Another example of the rejection of the true religion occurs in the “Hirsch project,” which was intended to spell out the minimum knowledge that is needed to function in American society. After E.D. Hirsch produced a large Dictionary of Cultural Literacy, which included a sizable section of Bible knowledge, he began a project that would attempt to stipulate minimal cultural literacy for each elementary grade. The first volume, What Your 1st Grader Needs to Know, omits Bible stories. It is not surprising to hear that the teacher consultants of the Florida schools, where the program was tested, “deemed them unduly sectarian” (Time, September 30, 1991, p. 77).



Bolt notes that the impact of the conflicts that have occurred in public education have brought Christian schools to something beyond the question of mere existence. He contends that the Christian schools must exercise their responsibility for narrating, preserving, and transmitting past wisdom and cultural products of the Christian tradition. Bolt asserts that Christian schools must assume this task as an essential for the preservation of our civilization.

Bolt also notes that the development of a completely pagan society should cause us to perceive that our situation is similar to that faced by the medieval monks in a darkening age. Supporters of Christian education and the teachers in these schools must keep the lamp of Christian wisdom burning.

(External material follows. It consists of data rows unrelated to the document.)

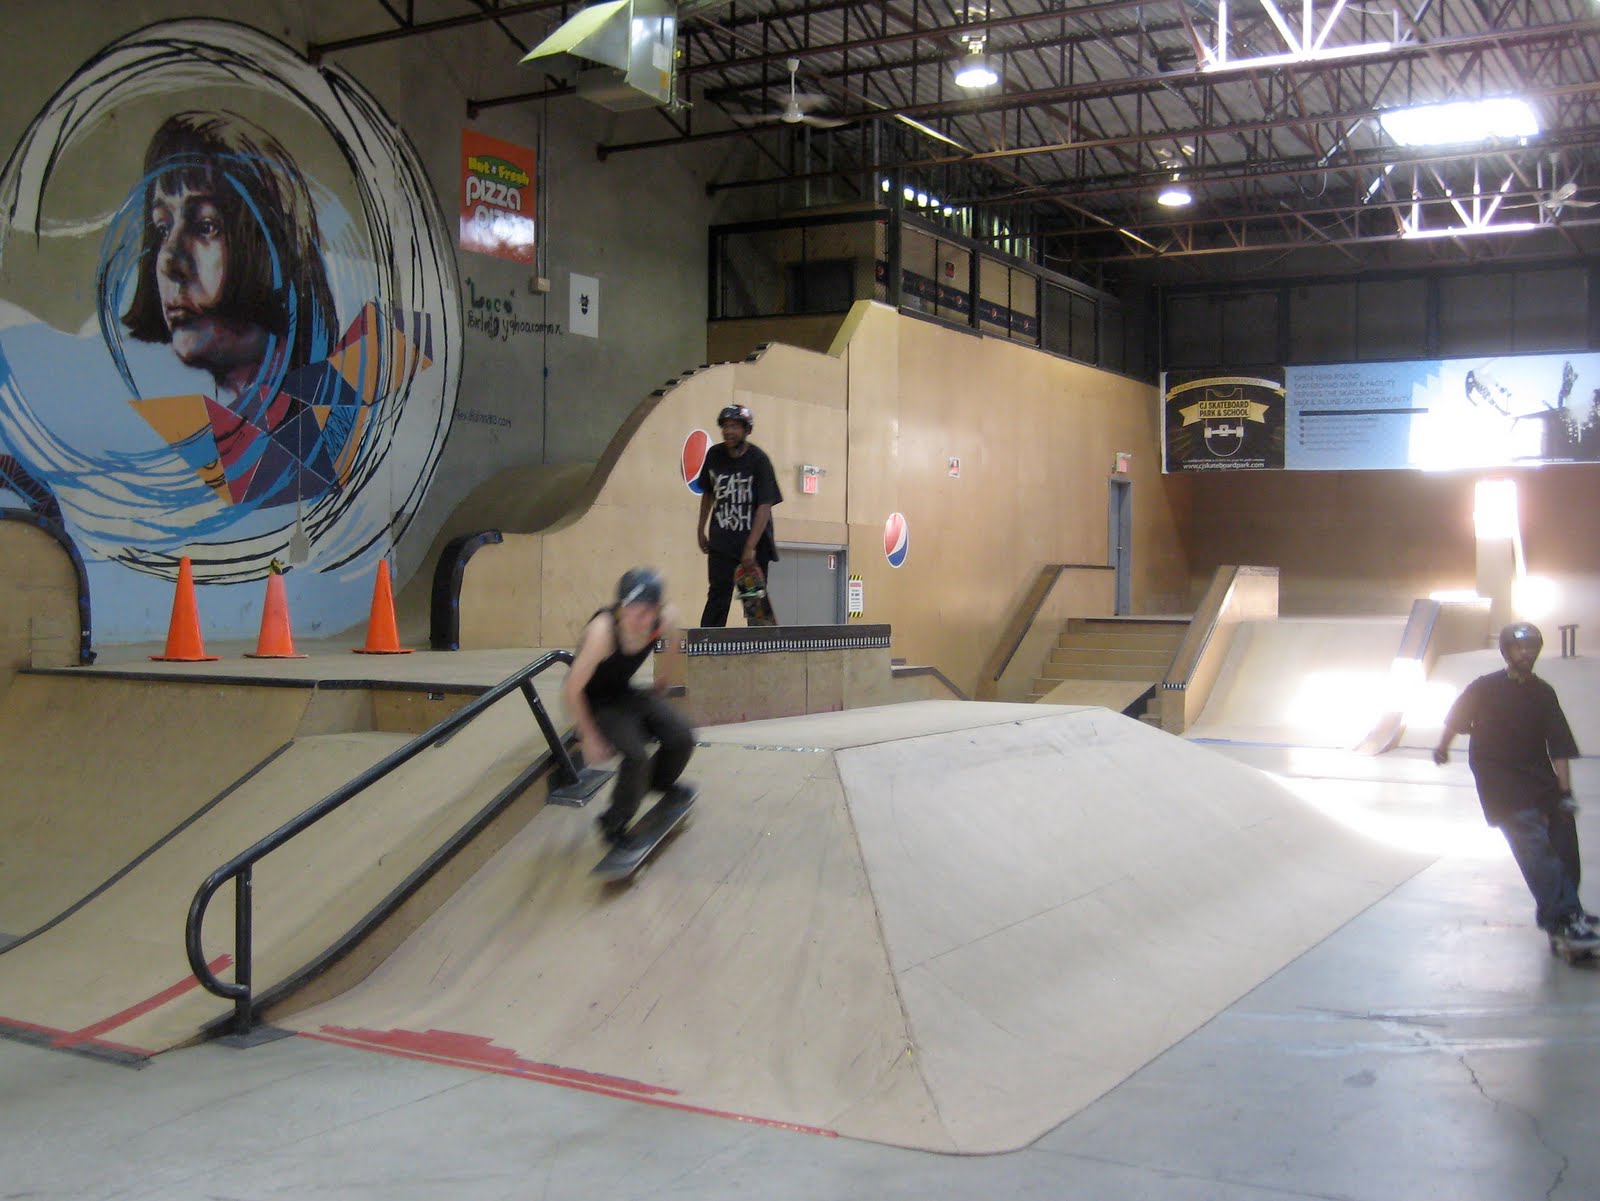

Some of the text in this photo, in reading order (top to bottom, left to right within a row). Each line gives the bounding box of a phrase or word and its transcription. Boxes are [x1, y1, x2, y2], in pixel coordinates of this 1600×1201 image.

[468, 157, 490, 174] Hot
[498, 165, 529, 186] Fresh
[1200, 401, 1249, 409] CJ SKATEBOARD
[1217, 409, 1222, 417] &
[1223, 409, 1249, 417] SCHOOL
[1183, 462, 1265, 470] www.cjskateboardpark.com
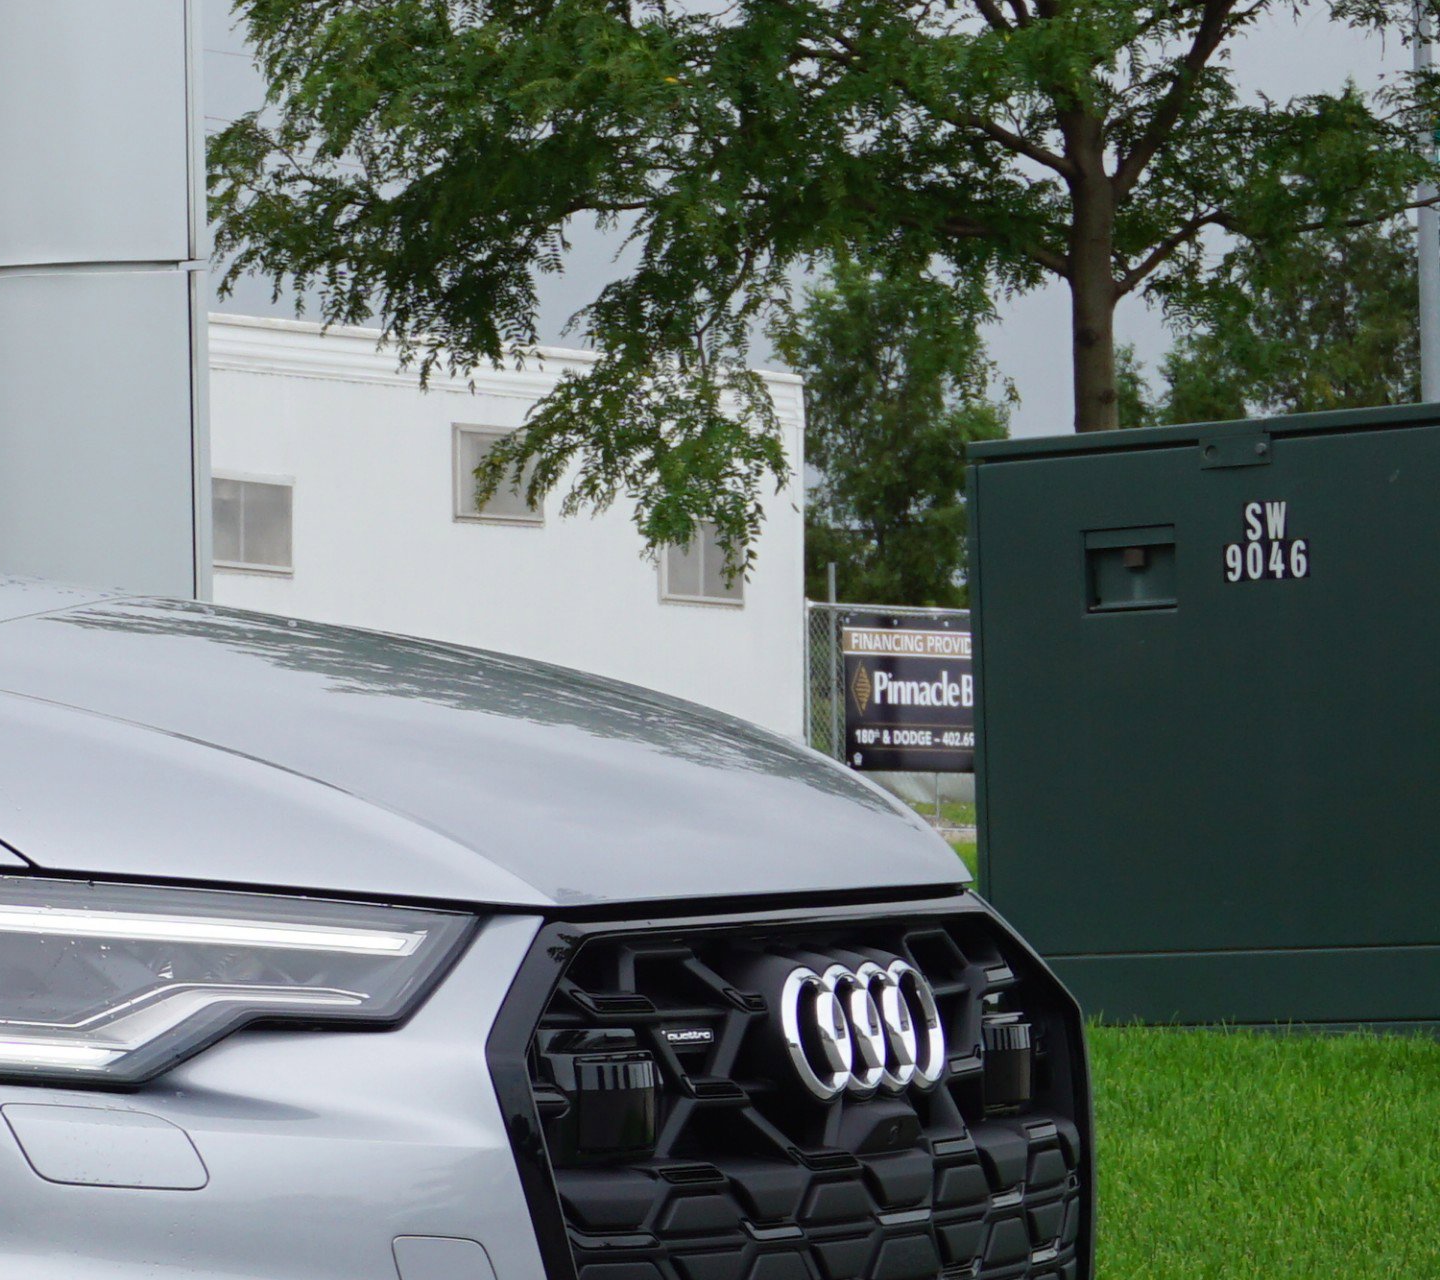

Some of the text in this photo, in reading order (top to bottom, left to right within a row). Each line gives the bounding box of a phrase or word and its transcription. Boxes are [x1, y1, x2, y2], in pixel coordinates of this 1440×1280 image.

[1245, 501, 1286, 541] SW
[1225, 539, 1307, 582] 9046
[851, 632, 923, 652] FINANCING
[883, 730, 891, 745] &
[893, 730, 932, 745] DODGE

We agree with Dr. Bolt when he states that we must be aware of our context to be certain that our Christian schools are doing what our Lord asks of us. We differ with his emphasis on the purpose for performing this task.

Although Christian schools ought to perform the task of narrating past wisdom, they should not serve as uncritical purveyors of past wisdom, nor should they think that in this way they serve as the catalyst to preserve civilization. Yes, we may know and read the writings of past ages, but these must be read with discrimination and discernment. In our instruction, and in our construction of distinctively Reformed Protestant Christian schools, we are not to cooperate with the unbelieving world in building the kingdom of God. Such kingdom building we cannot do. Instead, believing teachers and parents, in the noble and necessary work of extending the kingdom of Christ through good Christian schools, must respond and react correctly to developments in the public schools.

Christian schools that remain true to their calling to teach according to the full counsel of God as this is taught in the Scriptures and the Reformed confessions will be doing that which they were established to do.

Therefore, instruction that will be helpful in the thorough preparation of the child of God for every good work is the important task of the school. Instruction that will help in causing young people to live as changed people in the world, and not as world changers, is instruction that is extremely important for the children and young people called to live in this present godless age. The life of the Christian in the world is such that he lives a full earthly life and must come into contact with, and must react to, the theories and ideology that develop in this world and are present in the public schools.

Christian teachers who work in public schools cannot Christianize these schools. They must live a life of the antithesis in these schools. The result of such a life will be persecution. The time may come when the believer, because of the hatred of the ungodly unbeliever, will be forced out of his position.

The calling of the Reformed Christian is to be faithful in the maintenance of good Christian schools that do not teach world flight. Instead, Reformed Christians must be faithful in the maintenance of schools that employ teachers who will instruct students to live antithetically in the world as citizens of the kingdom of Christ.